This is the first of only 2 films in the entire series to temporarily break chronology by opening with a flashback, to an event that took place in 1810, which puts that particular mission between 'Sharpe's Eagle' (1809) and 'Sharpe's Company' (1813).
The other one is 'Sharpe's Challenge', which opens with a flashback to 1803 (long before 'Sharpe's Rifles', taking place in 1809), then jumps forward 14 years for the rest of the movie (3 years after 'Sharpe's Waterloo').
This episode takes place in 1810 and 1813.
Sgt. Pope kicks Sgt. Harper in the face to end their first fight.
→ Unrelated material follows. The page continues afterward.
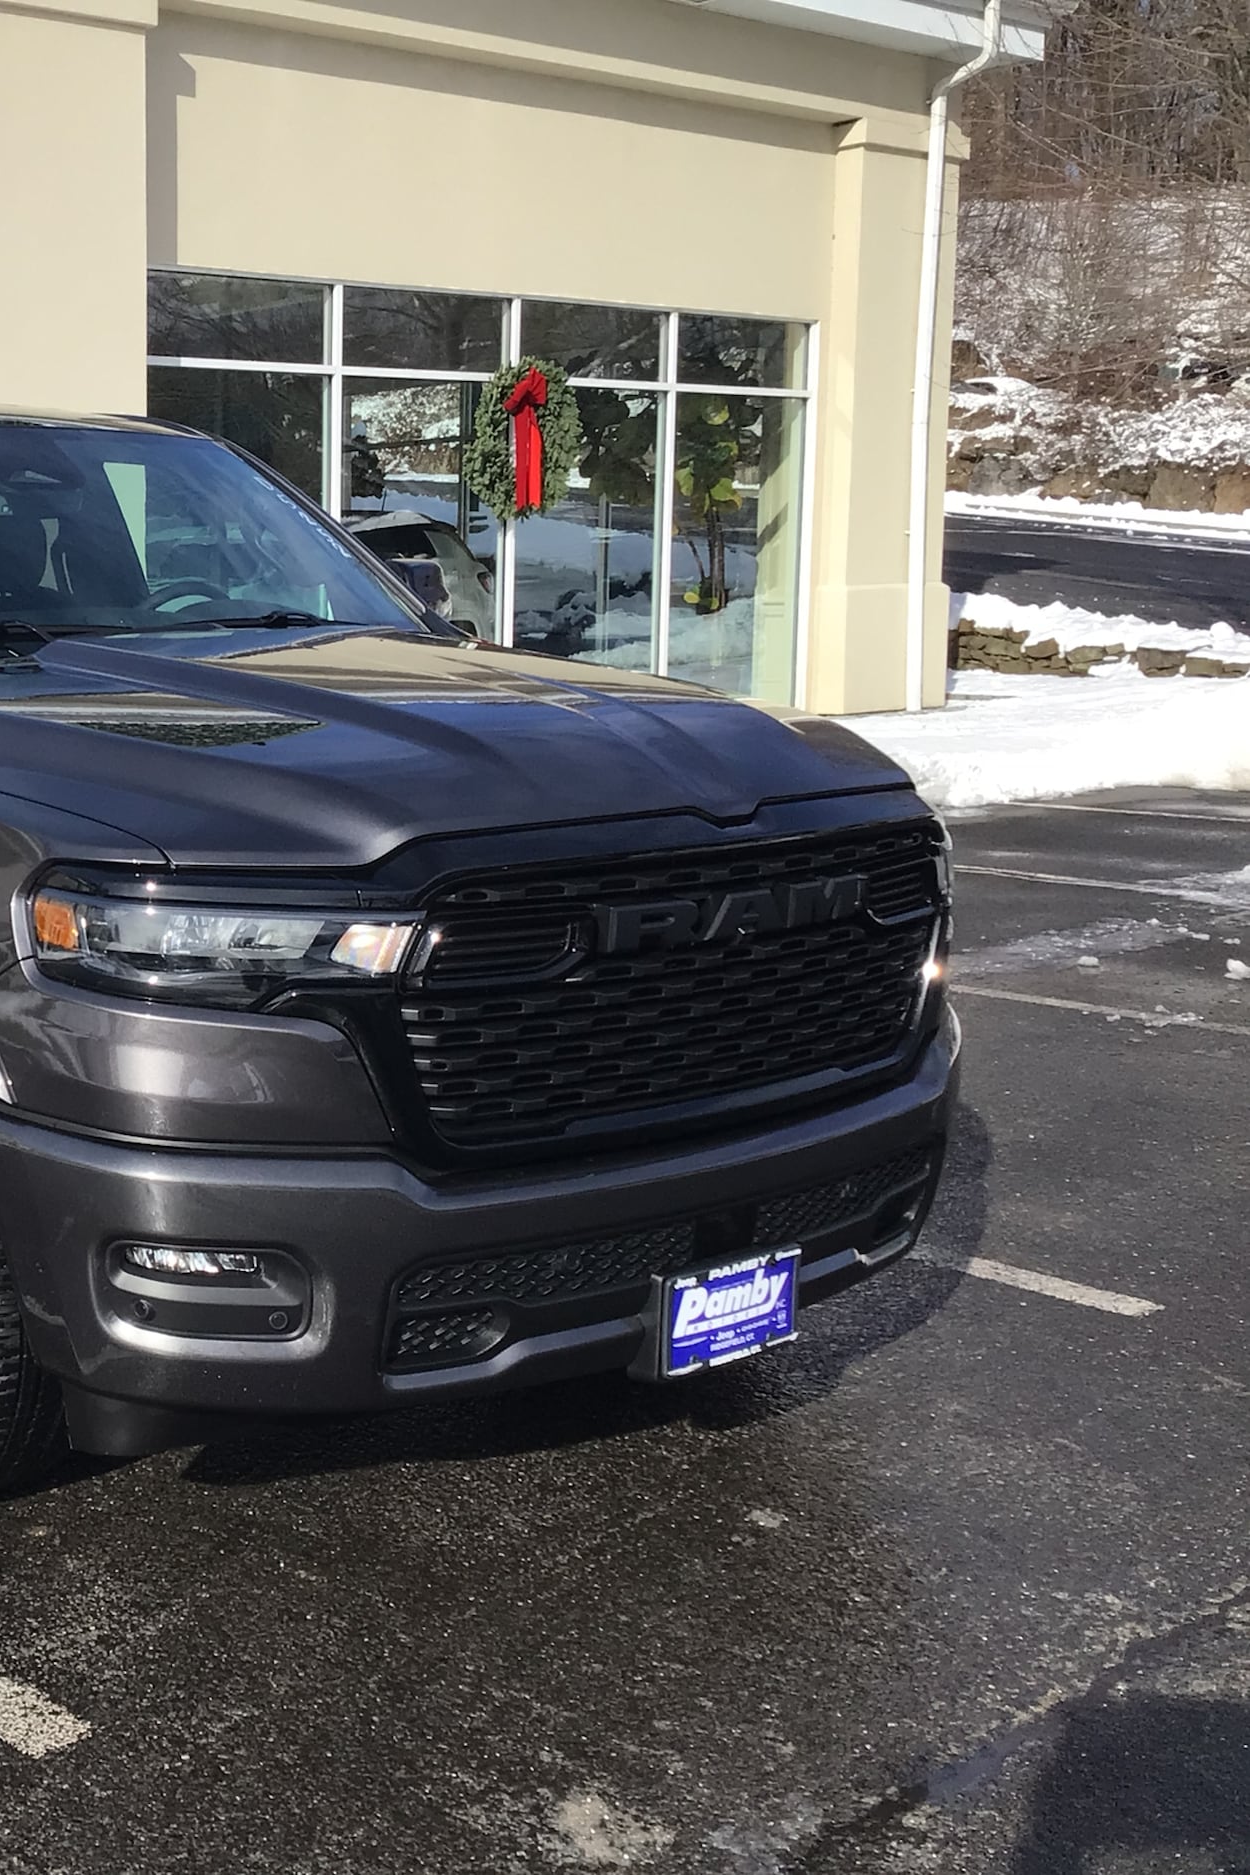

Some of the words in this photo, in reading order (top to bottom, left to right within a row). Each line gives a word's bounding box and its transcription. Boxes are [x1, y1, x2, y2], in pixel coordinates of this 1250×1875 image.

When Andrew Schofield went to do this, his planted foot slipped on the wet ground and he accidentally kicked Daragh O'Malley for real, fracturing his cheek. O'Malley had to be rushed to the hospital for surgery and the injury took a few weeks to heal; since they couldn't delay filming, Harper's toothache was written into Sharpe's Siege (which was being shot at the same time) to explain O'Malley's swollen face.
Indoor scenes were filmed in an old carpet warehouse in Antalya, Turkey. Night scenes were filmed with windows blacked out, and the stifling Mediterranean heat made conditions very uncomfortable for the actors.
The masked phantom' character of the deformed Maj. Pyecroft and his love for the gypsy girl can be seen as an allusion to the 'Phantom of the Opera'. The musical had premiered some ten years earlier (in 1985 (London, West End) / 1986 (New York, Broadway), but is based on the much older original French novel "Le Fantome de l'Opera" by Gaston Leroux.)